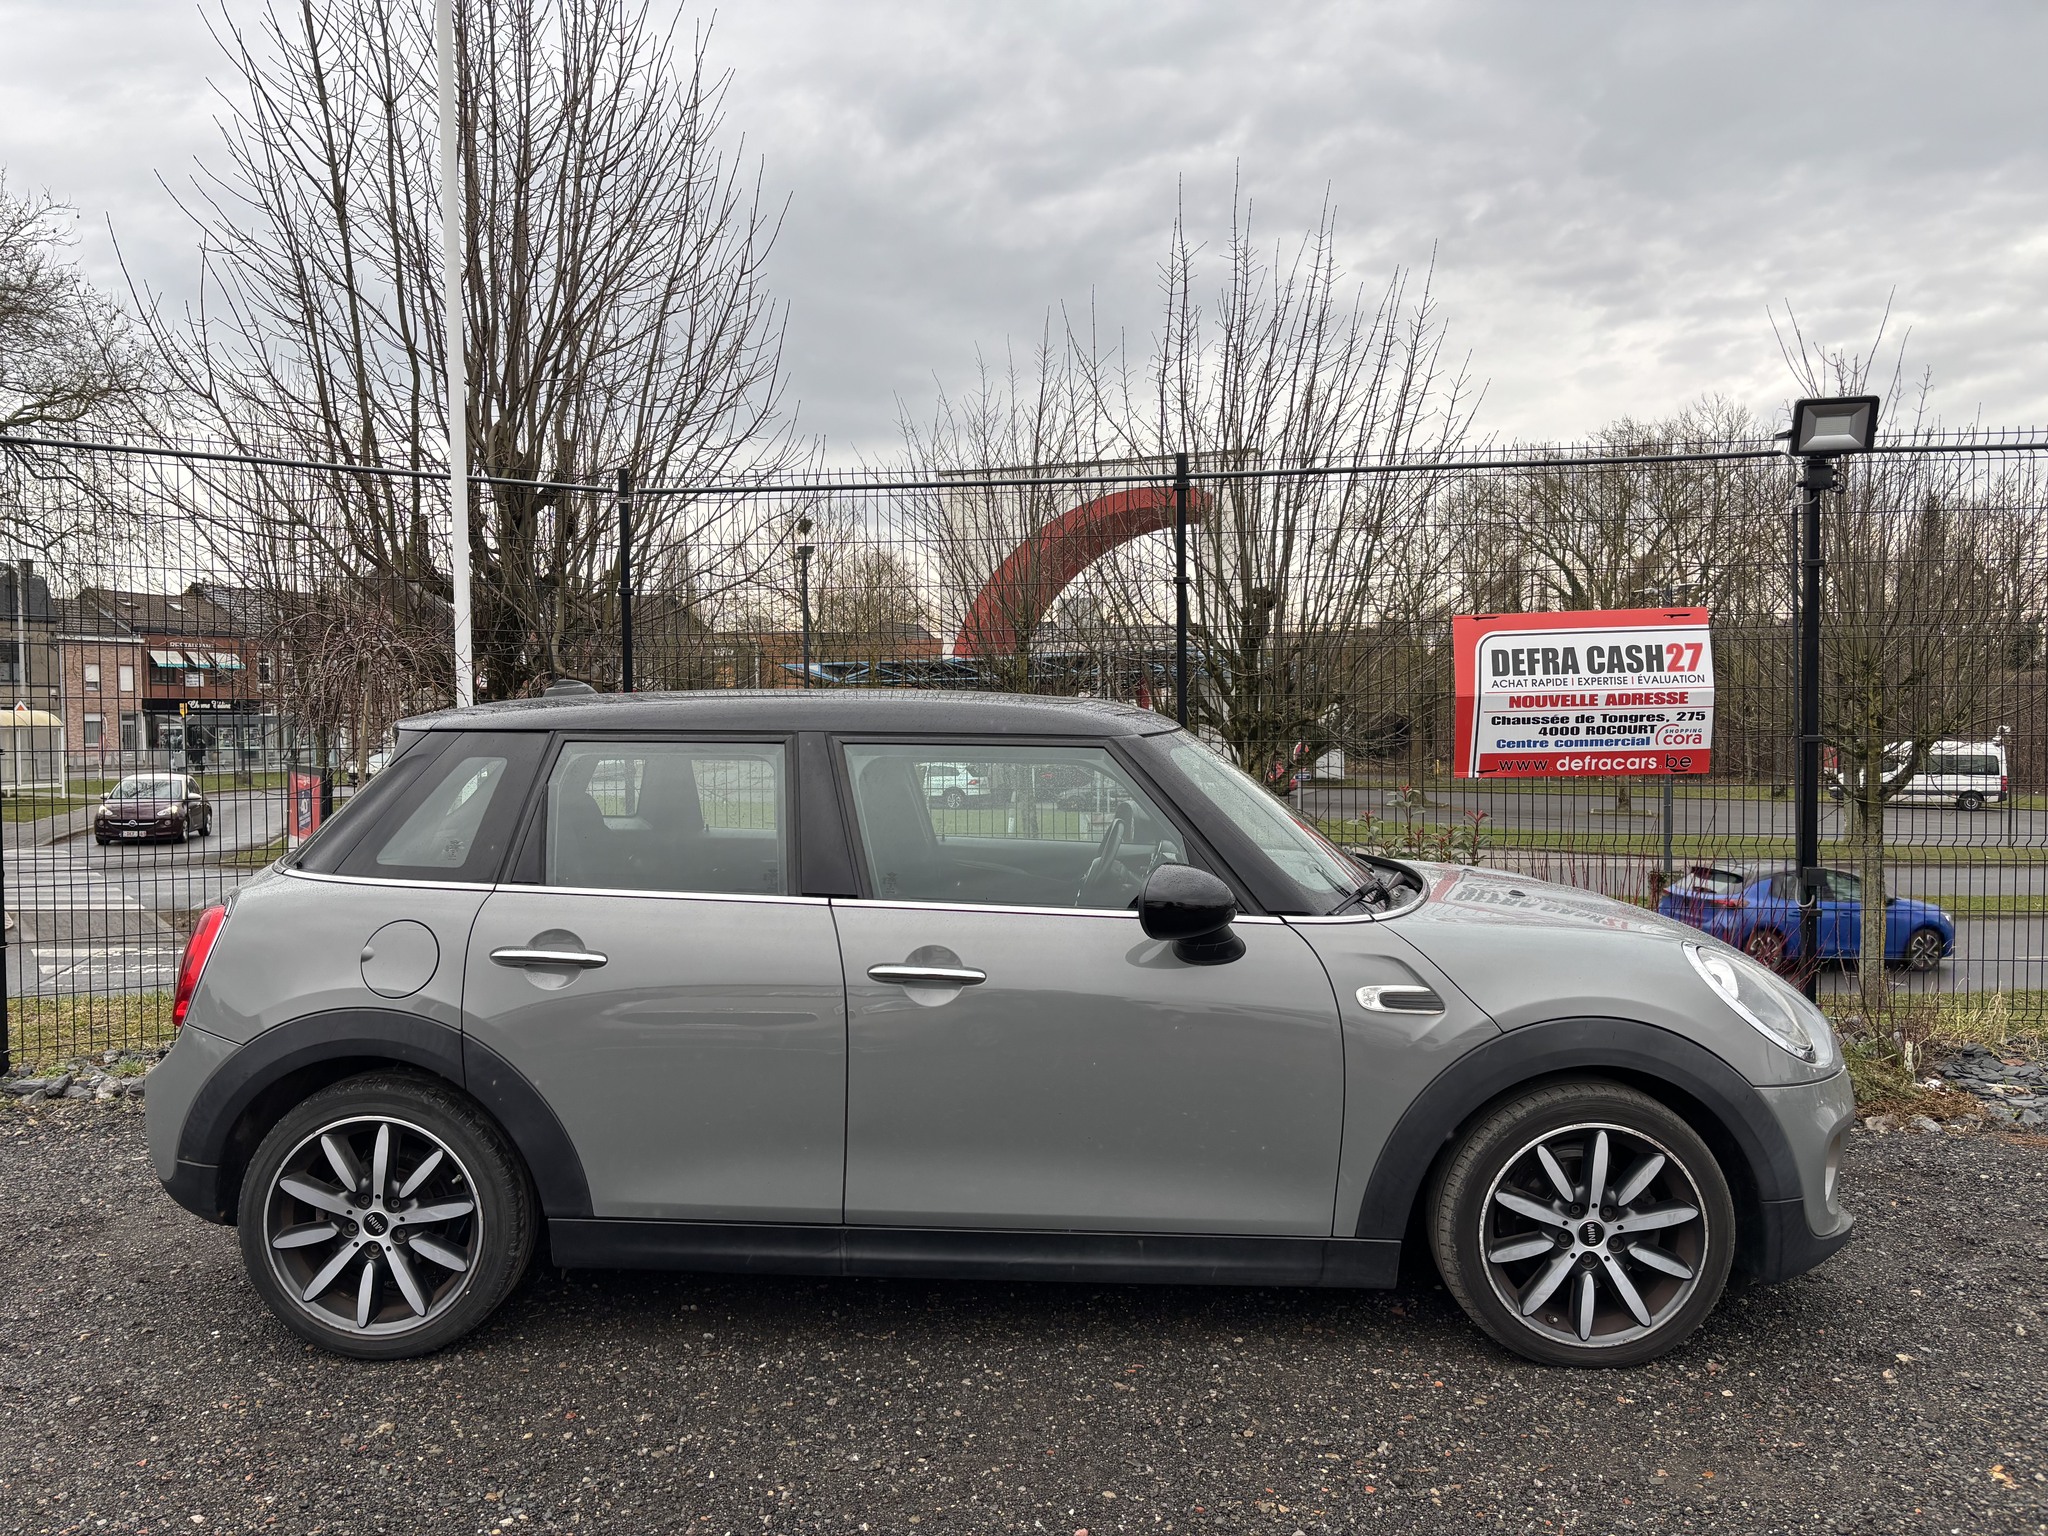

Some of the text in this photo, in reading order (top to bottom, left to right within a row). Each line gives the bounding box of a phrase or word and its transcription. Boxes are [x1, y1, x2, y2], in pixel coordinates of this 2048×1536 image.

[1491, 647, 1580, 676] DEFRA
[1491, 674, 1705, 688] ACHAT RAPIDE EXPERTISE ÉVALUATION
[1509, 692, 1689, 708] NOUVELLE ADRESSE
[1491, 711, 1705, 725] Chaussée de Tongres, 275
[1538, 724, 1657, 736] 4000 ROCOURT
[1496, 737, 1650, 749] Centre commercial
[1663, 733, 1702, 745] cora
[1499, 754, 1692, 772] www.defracars.be
[367, 1214, 385, 1233] MINI
[1587, 1223, 1597, 1244] MINI

§

**THE TASK:**
Restate the material word for word, minus pictures.

**WRITTEN SOLUTION:**
Some of the text in this photo, in reading order (top to bottom, left to right within a row). Each line gives the bounding box of a phrase or word and its transcription. Boxes are [x1, y1, x2, y2], in pixel coordinates of this 2048×1536 image.

[1491, 647, 1580, 676] DEFRA
[1491, 674, 1705, 688] ACHAT RAPIDE EXPERTISE ÉVALUATION
[1509, 692, 1689, 708] NOUVELLE ADRESSE
[1491, 711, 1705, 725] Chaussée de Tongres, 275
[1538, 724, 1657, 736] 4000 ROCOURT
[1496, 737, 1650, 749] Centre commercial
[1663, 733, 1702, 745] cora
[1499, 754, 1692, 772] www.defracars.be
[367, 1214, 385, 1233] MINI
[1587, 1223, 1597, 1244] MINI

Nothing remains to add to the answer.